Microsoft to Acquire LinkedIn for $26.2 Billion – WSJ

Microsoft to Acquire LinkedIn for $26.2 BillionDeal is for $196 per LinkedIn share, a 50% premium to Friday’s closeENLARGELinkedIn CEO Jeff Weiner speaks at LinkedIn headquarters in 2014.

On Monday, Microsoft said it would pay $26.2 billion to buy LinkedIn. PHOTO: MARCIO JOSE SANCHEZ/ASSOCIATED PRESSBy JAY GREENE and ANNE STEELE  Updated June 13, 2016 2:35 p.m. ET83 COMMENTS

Microsoft Corp., in what is by far the biggest acquisition in the company’s history, said Monday it had reached a deal to buy LinkedIn Corp., the professional social-networking company, for $26.2 billion in cash.

Integrating Microsoft’s and LinkedIn’s offerings would broaden their reach, enhance their utility, and create market-leading services for business customers, the companies said. Microsoft will pay $196 per LinkedIn share, a 50% premium to LinkedIn’s closing price on Friday. Shares of LinkedIn, which had dropped 42% so far this year through Friday’s close, jumped 47% to $192.46. Microsoft shares fell 2.9%.

Microsoft said LinkedIn will “retain its distinct brand, culture and independence,” with Chief Executive Jeff Weiner remaining at the helm, reporting to Microsoft CEO Satya Nadella. The deal, the largest acquisition ever for Microsoft, is expected to close within the year.

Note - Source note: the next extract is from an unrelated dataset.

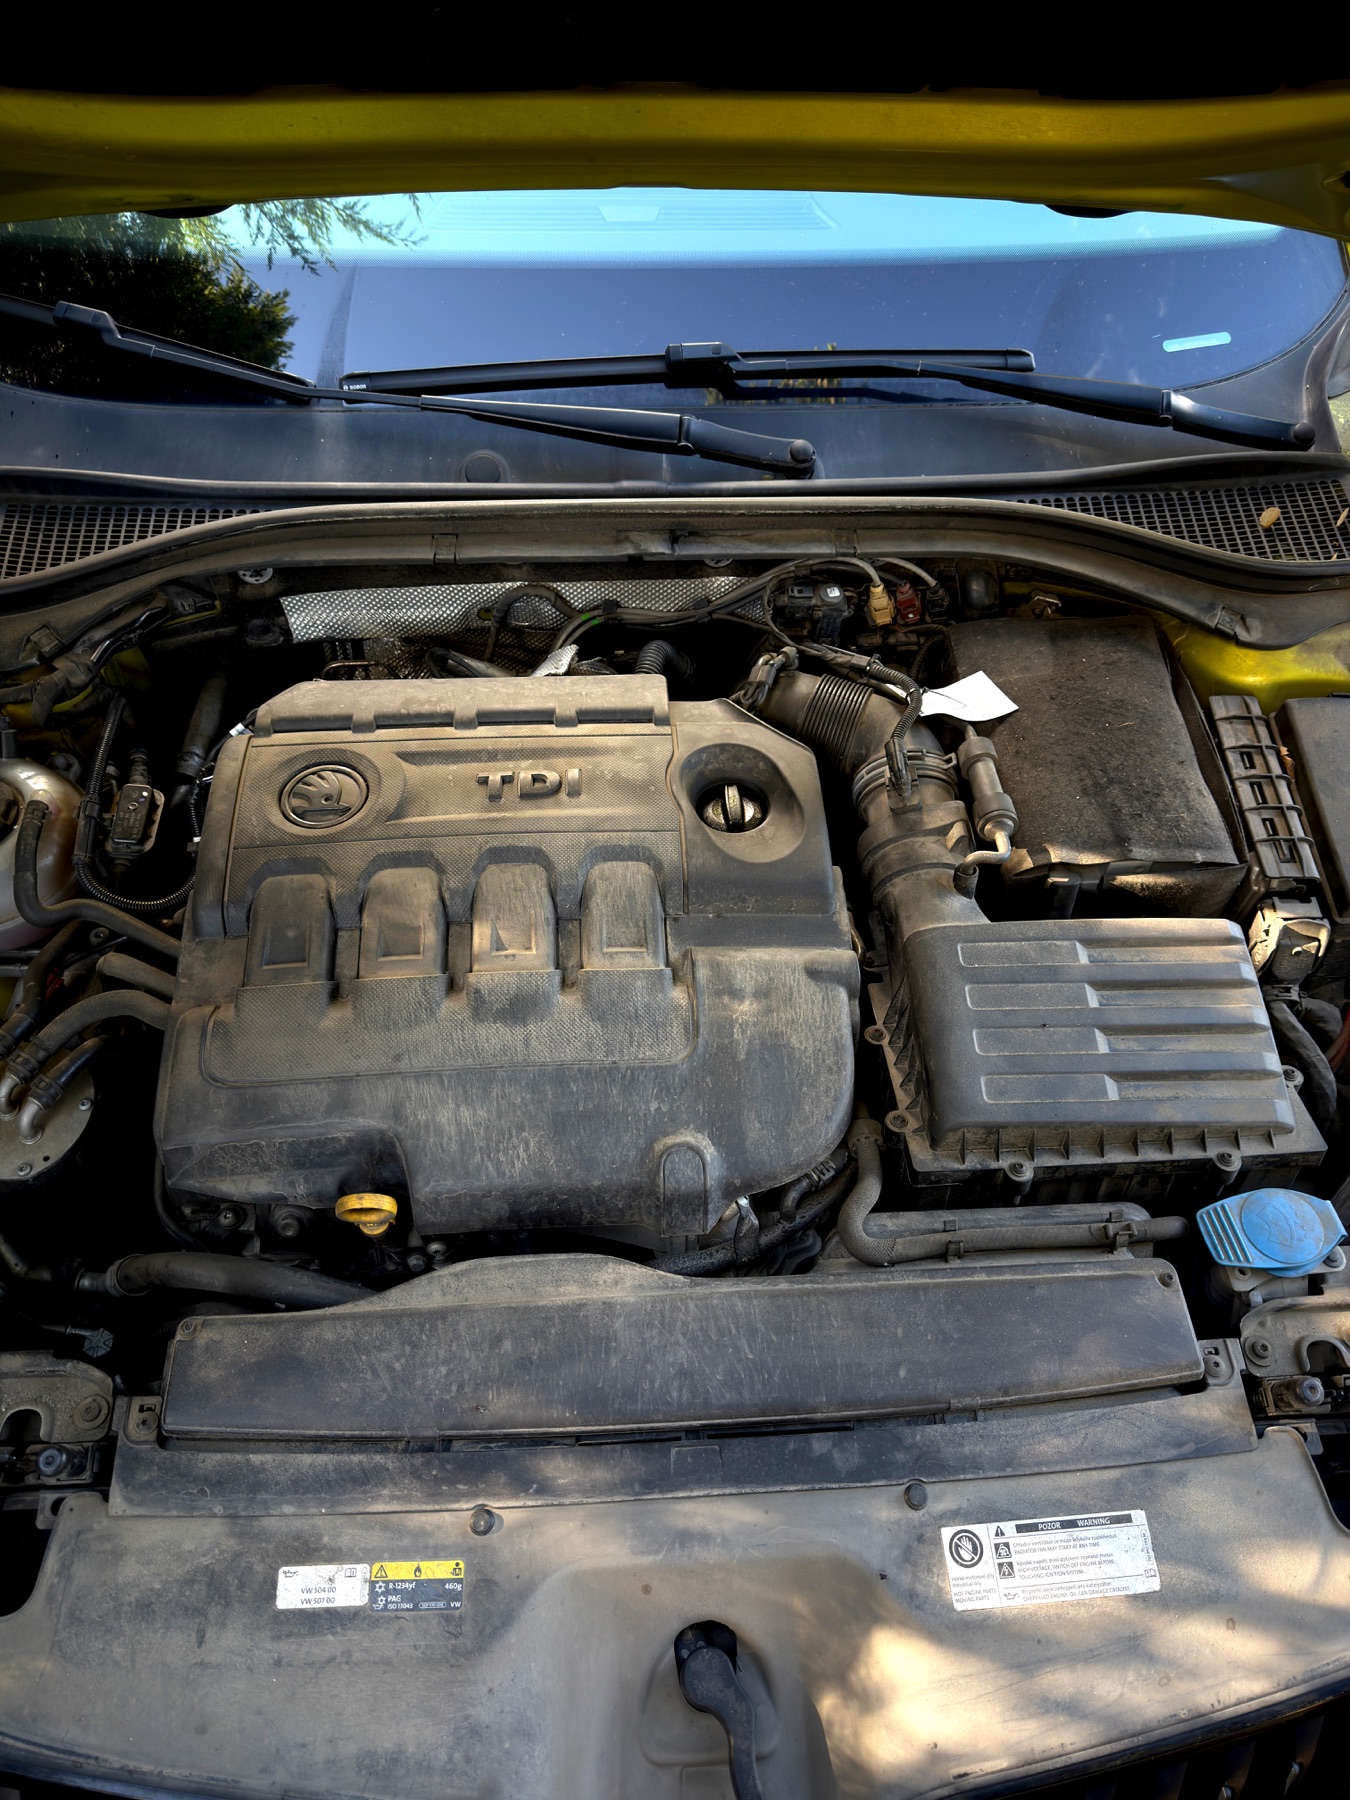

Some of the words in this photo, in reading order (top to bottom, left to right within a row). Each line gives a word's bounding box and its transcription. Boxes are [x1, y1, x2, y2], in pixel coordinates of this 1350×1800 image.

The companies see cost savings of about $150 million a year by 2018. LinkedIn would be required to pay a $725 million breakup fee if it backs out of the deal.

Microsoft believes the acquisition will expand the market for both LinkedIn and Microsoft’s Office products. The software giant has made a significant push in the past few years to make its products more connected and wants to use data to make them more intelligent. LinkedIn’s vast network offers data that could help.

Microsoft may find ways to generate revenue from LinkedIn’s professional network that LinkedIn couldn’t independently, said Stifel Nicolaus & Co. analyst Brad Reback.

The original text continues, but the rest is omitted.